SUPPLIED DATA:

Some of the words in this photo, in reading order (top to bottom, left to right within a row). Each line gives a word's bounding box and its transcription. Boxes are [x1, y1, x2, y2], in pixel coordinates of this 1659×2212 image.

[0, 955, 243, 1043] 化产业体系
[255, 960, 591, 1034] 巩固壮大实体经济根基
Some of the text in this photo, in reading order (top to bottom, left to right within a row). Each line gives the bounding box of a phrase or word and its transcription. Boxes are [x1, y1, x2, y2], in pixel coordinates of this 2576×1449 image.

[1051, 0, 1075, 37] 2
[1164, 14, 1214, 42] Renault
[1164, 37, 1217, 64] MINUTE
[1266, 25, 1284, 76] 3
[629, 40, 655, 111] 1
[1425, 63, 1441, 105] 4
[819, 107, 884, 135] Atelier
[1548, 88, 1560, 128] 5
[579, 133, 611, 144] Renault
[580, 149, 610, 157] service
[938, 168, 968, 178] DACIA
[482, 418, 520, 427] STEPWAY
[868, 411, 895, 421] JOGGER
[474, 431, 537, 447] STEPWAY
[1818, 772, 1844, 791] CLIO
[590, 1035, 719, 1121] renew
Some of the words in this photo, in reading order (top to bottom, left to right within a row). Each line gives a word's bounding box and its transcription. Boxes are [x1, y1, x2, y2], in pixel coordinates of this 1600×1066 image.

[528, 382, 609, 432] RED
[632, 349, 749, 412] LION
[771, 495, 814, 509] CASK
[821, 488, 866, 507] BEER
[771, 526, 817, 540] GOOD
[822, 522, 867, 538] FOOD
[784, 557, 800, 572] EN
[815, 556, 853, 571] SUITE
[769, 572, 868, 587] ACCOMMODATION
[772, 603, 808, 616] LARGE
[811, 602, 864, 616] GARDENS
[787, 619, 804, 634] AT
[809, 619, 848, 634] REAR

EXERCISE DESCRIPTION: From the first line to the last, copy the data exactly.

SOLUTION TO THE PROBLEM:
Some of the words in this photo, in reading order (top to bottom, left to right within a row). Each line gives a word's bounding box and its transcription. Boxes are [x1, y1, x2, y2], in pixel coordinates of this 1659×2212 image.

[0, 955, 243, 1043] 化产业体系
[255, 960, 591, 1034] 巩固壮大实体经济根基
Some of the text in this photo, in reading order (top to bottom, left to right within a row). Each line gives the bounding box of a phrase or word and its transcription. Boxes are [x1, y1, x2, y2], in pixel coordinates of this 2576×1449 image.

[1051, 0, 1075, 37] 2
[1164, 14, 1214, 42] Renault
[1164, 37, 1217, 64] MINUTE
[1266, 25, 1284, 76] 3
[629, 40, 655, 111] 1
[1425, 63, 1441, 105] 4
[819, 107, 884, 135] Atelier
[1548, 88, 1560, 128] 5
[579, 133, 611, 144] Renault
[580, 149, 610, 157] service
[938, 168, 968, 178] DACIA
[482, 418, 520, 427] STEPWAY
[868, 411, 895, 421] JOGGER
[474, 431, 537, 447] STEPWAY
[1818, 772, 1844, 791] CLIO
[590, 1035, 719, 1121] renew
Some of the words in this photo, in reading order (top to bottom, left to right within a row). Each line gives a word's bounding box and its transcription. Boxes are [x1, y1, x2, y2], in pixel coordinates of this 1600×1066 image.

[528, 382, 609, 432] RED
[632, 349, 749, 412] LION
[771, 495, 814, 509] CASK
[821, 488, 866, 507] BEER
[771, 526, 817, 540] GOOD
[822, 522, 867, 538] FOOD
[784, 557, 800, 572] EN
[815, 556, 853, 571] SUITE
[769, 572, 868, 587] ACCOMMODATION
[772, 603, 808, 616] LARGE
[811, 602, 864, 616] GARDENS
[787, 619, 804, 634] AT
[809, 619, 848, 634] REAR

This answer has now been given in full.